━━━ Data to examine

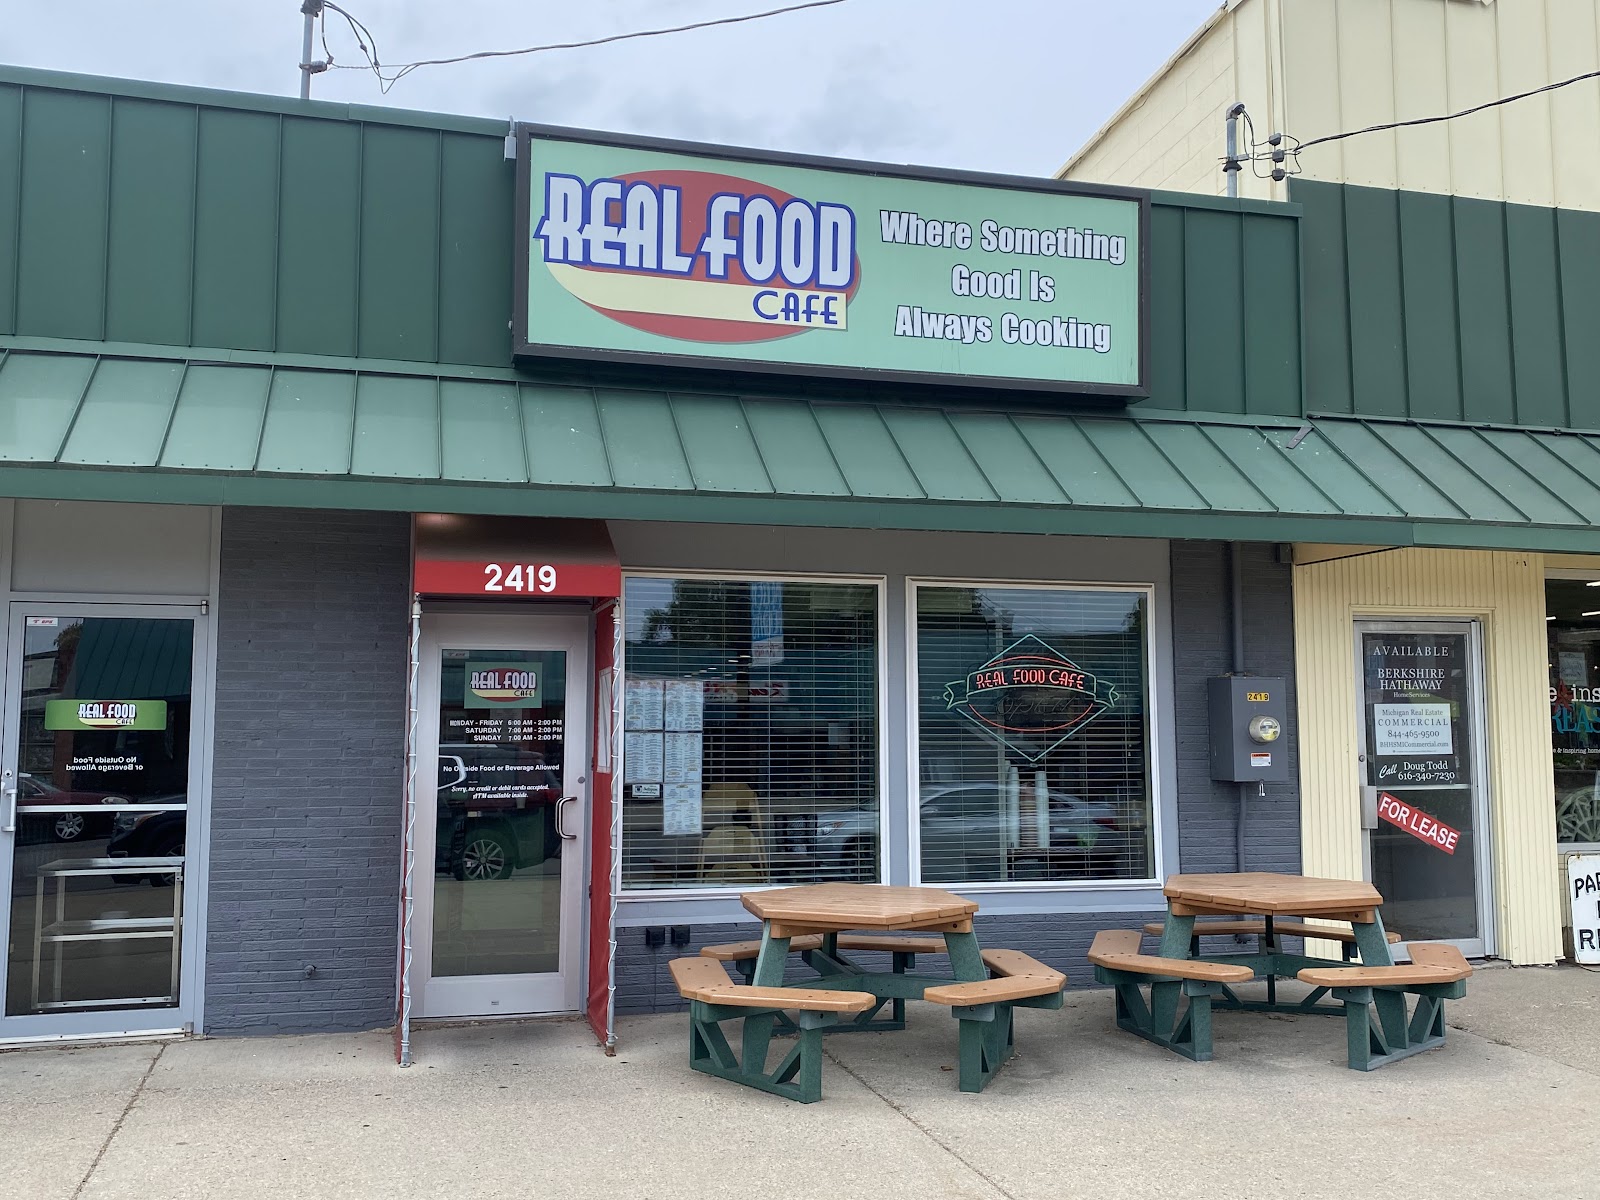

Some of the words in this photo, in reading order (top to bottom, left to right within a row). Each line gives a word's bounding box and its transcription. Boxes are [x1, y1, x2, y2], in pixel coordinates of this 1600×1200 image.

[533, 172, 697, 276] REAL
[700, 192, 857, 290] FOOD
[879, 209, 972, 250] Where
[980, 219, 1127, 265] Something
[951, 264, 1022, 300] Good
[1029, 269, 1056, 303] Is
[752, 290, 839, 325] CAFE
[893, 304, 993, 345] Always
[1000, 312, 1112, 353] Cooking
[484, 563, 557, 593] 2419
[1373, 646, 1449, 656] AVAILABLE
[469, 671, 502, 689] REAL
[503, 671, 537, 689] FOOD
[975, 671, 1008, 689] REAL
[1012, 669, 1046, 684] FOOD
[1048, 669, 1085, 689] CAFE
[1377, 667, 1445, 679] BERKSHIRE
[1380, 679, 1443, 690] HATHAWAY
[513, 689, 534, 697] CAFE
[78, 703, 106, 718] REAL
[106, 703, 136, 718] FOOD
[1382, 709, 1409, 717] Michigan
[1378, 718, 1448, 726] COMMERCIAL
[1387, 730, 1440, 738] 844-465-9500
[1379, 764, 1398, 778] Call
[1403, 761, 1426, 772] Doug
[1426, 760, 1448, 770] Todd
[1398, 771, 1455, 781] 616-340-7230
[1379, 796, 1410, 825] FOR
[1410, 813, 1458, 850] LEASE

━━━━━━

Leave out the pictures and reproduce the rest of the listing exactly.

Some of the words in this photo, in reading order (top to bottom, left to right within a row). Each line gives a word's bounding box and its transcription. Boxes are [x1, y1, x2, y2], in pixel coordinates of this 1600×1200 image.

[533, 172, 697, 276] REAL
[700, 192, 857, 290] FOOD
[879, 209, 972, 250] Where
[980, 219, 1127, 265] Something
[951, 264, 1022, 300] Good
[1029, 269, 1056, 303] Is
[752, 290, 839, 325] CAFE
[893, 304, 993, 345] Always
[1000, 312, 1112, 353] Cooking
[484, 563, 557, 593] 2419
[1373, 646, 1449, 656] AVAILABLE
[469, 671, 502, 689] REAL
[503, 671, 537, 689] FOOD
[975, 671, 1008, 689] REAL
[1012, 669, 1046, 684] FOOD
[1048, 669, 1085, 689] CAFE
[1377, 667, 1445, 679] BERKSHIRE
[1380, 679, 1443, 690] HATHAWAY
[513, 689, 534, 697] CAFE
[78, 703, 106, 718] REAL
[106, 703, 136, 718] FOOD
[1382, 709, 1409, 717] Michigan
[1378, 718, 1448, 726] COMMERCIAL
[1387, 730, 1440, 738] 844-465-9500
[1379, 764, 1398, 778] Call
[1403, 761, 1426, 772] Doug
[1426, 760, 1448, 770] Todd
[1398, 771, 1455, 781] 616-340-7230
[1379, 796, 1410, 825] FOR
[1410, 813, 1458, 850] LEASE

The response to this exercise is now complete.